I'm running a 2nd Gen Camaro 10 bolt with leaf springs and drum brakes with a 327 V8 and 4 speed... Put the new posse 3" dropped leaf springs. It goes down the road nicely and drum brakes seem to stop fine.
Im running 308 posi in my rearend, not sure what my tranny gears are off hand... I love it! It Goes down the road great and if I wanna burn some rubber, i still can! Not too quick off the line though... But it's a kustom not a hot rod haha it cruises at 65mph without buzzing in your ears too, I'm running about 2200-2500 rpm at 65-70mph
The vast majority of 4-speeds have a 1:1 top gear. For the original poster, combined final drive ratio is transmission top gear times rear end gear. In the above example that is 1 x 3.08 = 3.08. With say a 700R4, which has a 0.70:1 top gear the same rear ratio would figure out to a combined final drive ratio of: 2.156:1. Too steep. You'd want something like 3.73:1, or so, depending on a variety of factors. That results in an a combined 2.611:1, which is a good freeway gear for some cars.
I have a 53 I put a set of chassis engineering rear 3 inch drop spring in and the are giant p.o.s.'s I put a 2wd ford ranger rearend in mine good fit except for the offset drives haft if you want it low there will be tunnel work I have 3" springs and 3" blocks if you hit a hard bump the driveline taps the floor I have 2.73s with a th400 so 1:1 in high gear around 1700 rpm @ 60mph.... if you are looking for a good place for rear disk conversion scarebird.com if great stuff and the just sell brackets and tell you what rotors and calipers interchange from.... used them many times great products Sent from my SM-N920V using The H.A.M.B. mobile app
X2 on Scarebird. Solid stuff. Many happy installs. Zero returns. I have a Ranger 8.8 in my Falcon. Keep in mind, different years of Rangers have different width axles. The drums work fine, but it can be upgraded to discs. The offset pinion is not an issue, as long as you have clearance in the tunnel (my tunnel is totally hand made to fit).
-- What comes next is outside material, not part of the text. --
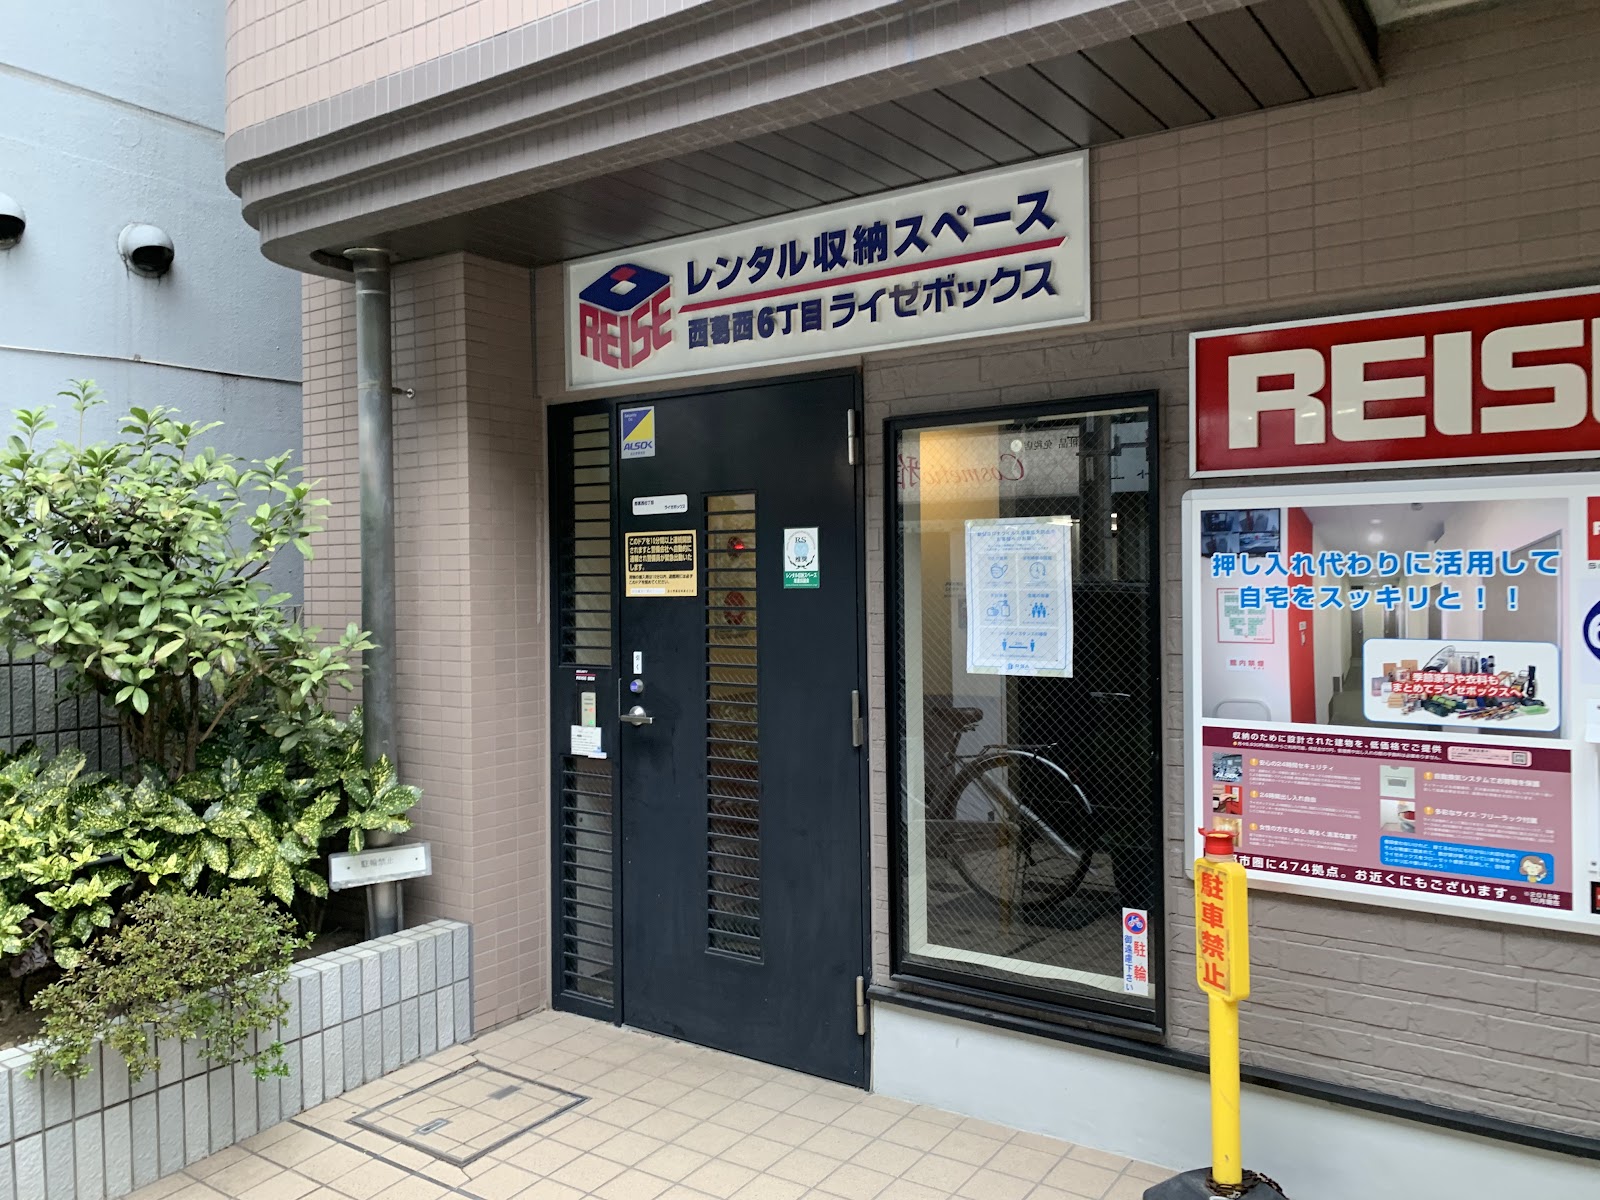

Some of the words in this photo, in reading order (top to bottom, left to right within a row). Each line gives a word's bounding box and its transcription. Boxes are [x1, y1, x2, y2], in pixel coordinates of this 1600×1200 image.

A 8.8 guide can be found here: http://www.therangerstation.com/tech_library/Explorer8_8.shtml
Thanks for the tip. I used a gear ratio calculator (which is a great tool, but confusing as hell), and that's what I came up with, too - the 3.73. Thanks again!
I picked up my rear end last night (came out of a 73 Camaro), and the guy threw in the leaf springs, sway bars, and a box of random hardware. Does anyone know if the rear leaf springs will fit on the Bel Air? Or do I need Bel Air leaf springs with the adjustment made for the locator pin? It would be pretty damn convenient if these bolted up, as everything is in really good shape!